Simple Transparent Adversarial Examples
- URL: http://arxiv.org/abs/2105.09685v1
- Date: Thu, 20 May 2021 11:54:26 GMT
- Title: Simple Transparent Adversarial Examples
- Authors: Jaydeep Borkar, Pin-Yu Chen
- Abstract summary: We introduce secret embedding and transparent adversarial examples as a simpler way to evaluate robustness.
As a result, they pose a serious threat where APIs are used for high-stakes applications.
- Score: 65.65977217108659
- License: http://arxiv.org/licenses/nonexclusive-distrib/1.0/
- Abstract: There has been a rise in the use of Machine Learning as a Service (MLaaS)

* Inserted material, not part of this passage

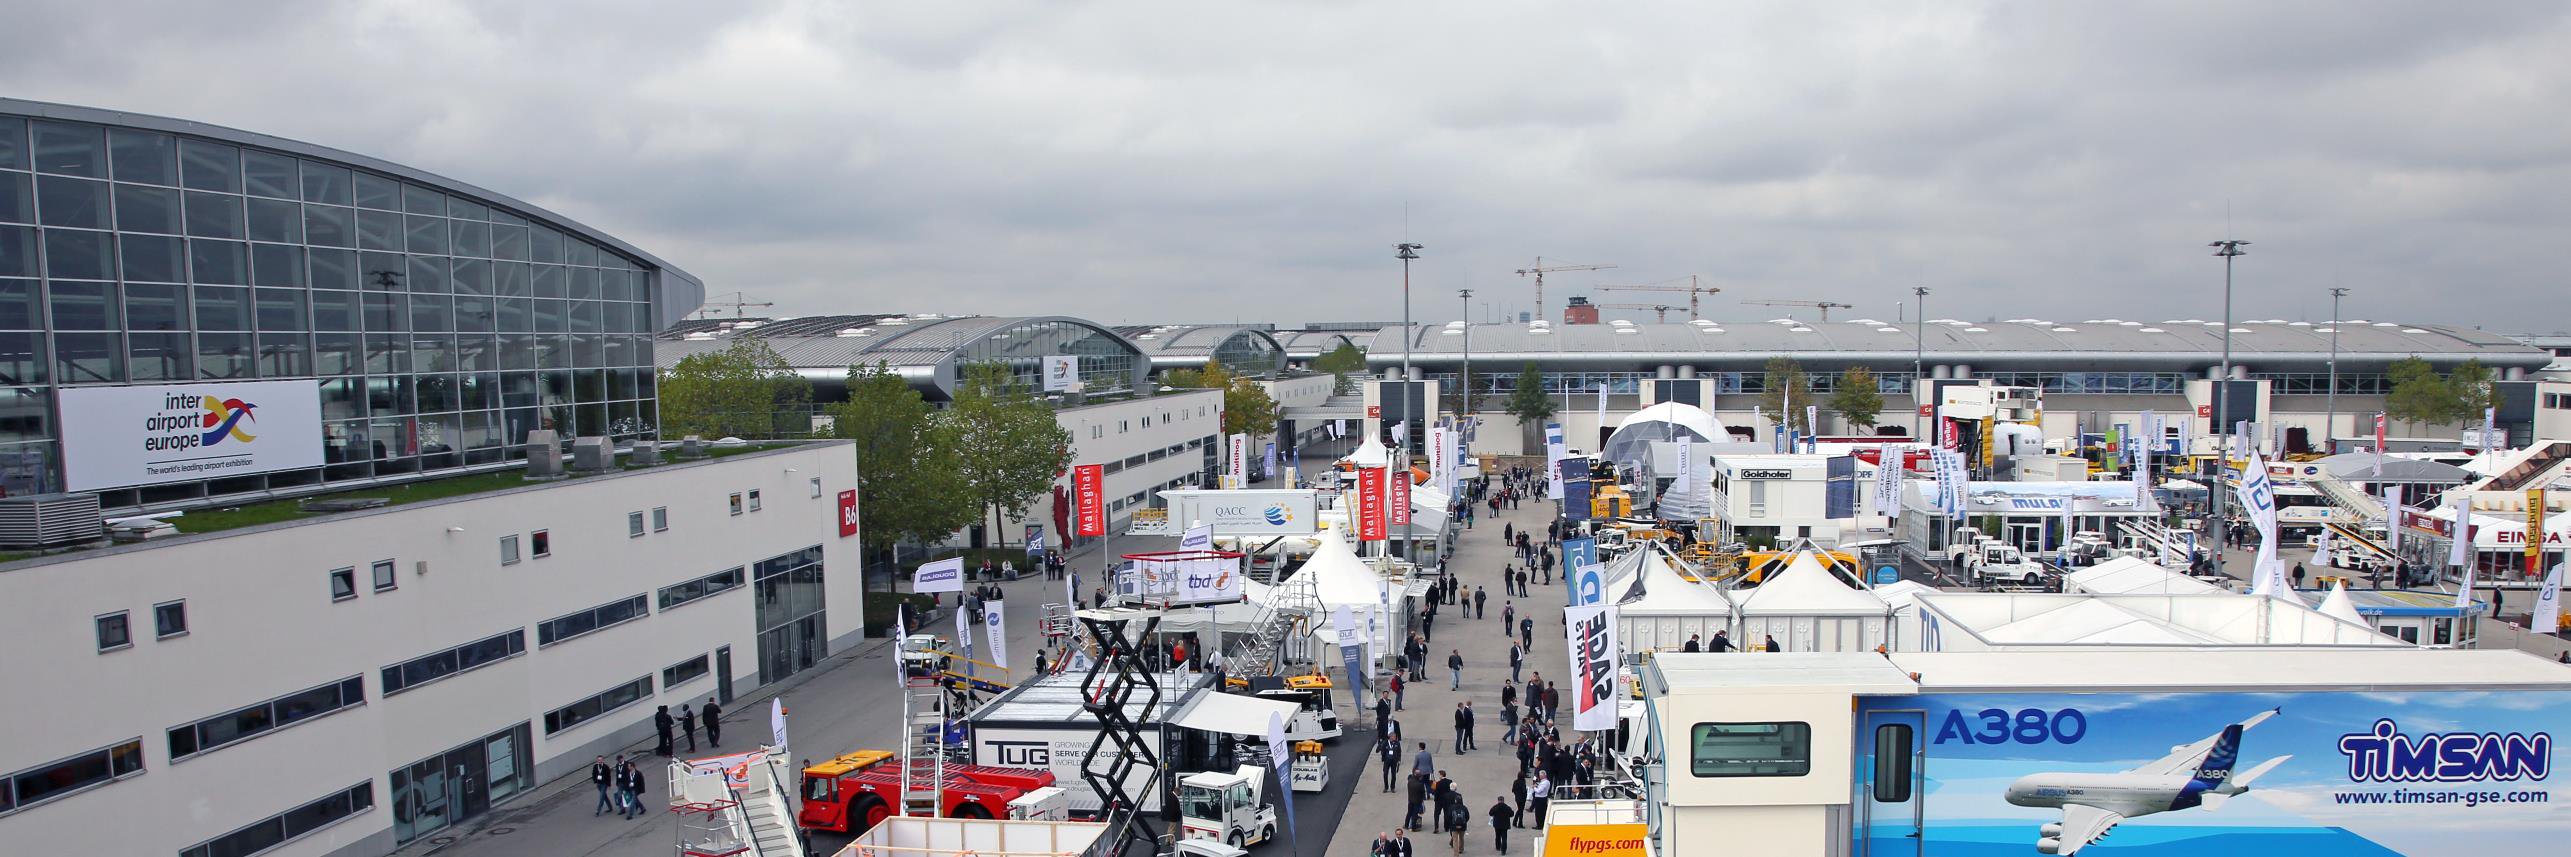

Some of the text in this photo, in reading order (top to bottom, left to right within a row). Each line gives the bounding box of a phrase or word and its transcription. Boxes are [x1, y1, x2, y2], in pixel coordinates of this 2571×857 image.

Vision APIs as they offer multiple services including pre-built models and
algorithms, which otherwise take a huge amount of resources if built from
scratch. As these APIs get deployed for high-stakes applications, it's very
important that they are robust to different manipulations. Recent works have
only focused on typical adversarial attacks when evaluating the robustness of
vision APIs. We propose two new aspects of adversarial image generation methods
and evaluate them on the robustness of Google Cloud Vision API's optical
character recognition service and object detection APIs deployed in real-world
settings such as sightengine.com, picpurify.com, Google Cloud Vision API, and
Microsoft Azure's Computer Vision API. Specifically, we go beyond the
conventional small-noise adversarial attacks and introduce secret embedding and
transparent adversarial examples as a simpler way to evaluate robustness. These
methods are so straightforward that even non-specialists can craft such
attacks. As a result, they pose a serious threat where APIs are used for
high-stakes applications. Our transparent adversarial examples successfully
evade state-of-the art object detections APIs such as Azure Cloud Vision
(attack success rate 52%) and Google Cloud Vision (attack success rate 36%).
90% of the images have a secret embedded text that successfully fools the
vision of time-limited humans but is detected by Google Cloud Vision API's
optical character recognition. Complementing to current research, our results
provide simple but unconventional methods on robustness evaluation.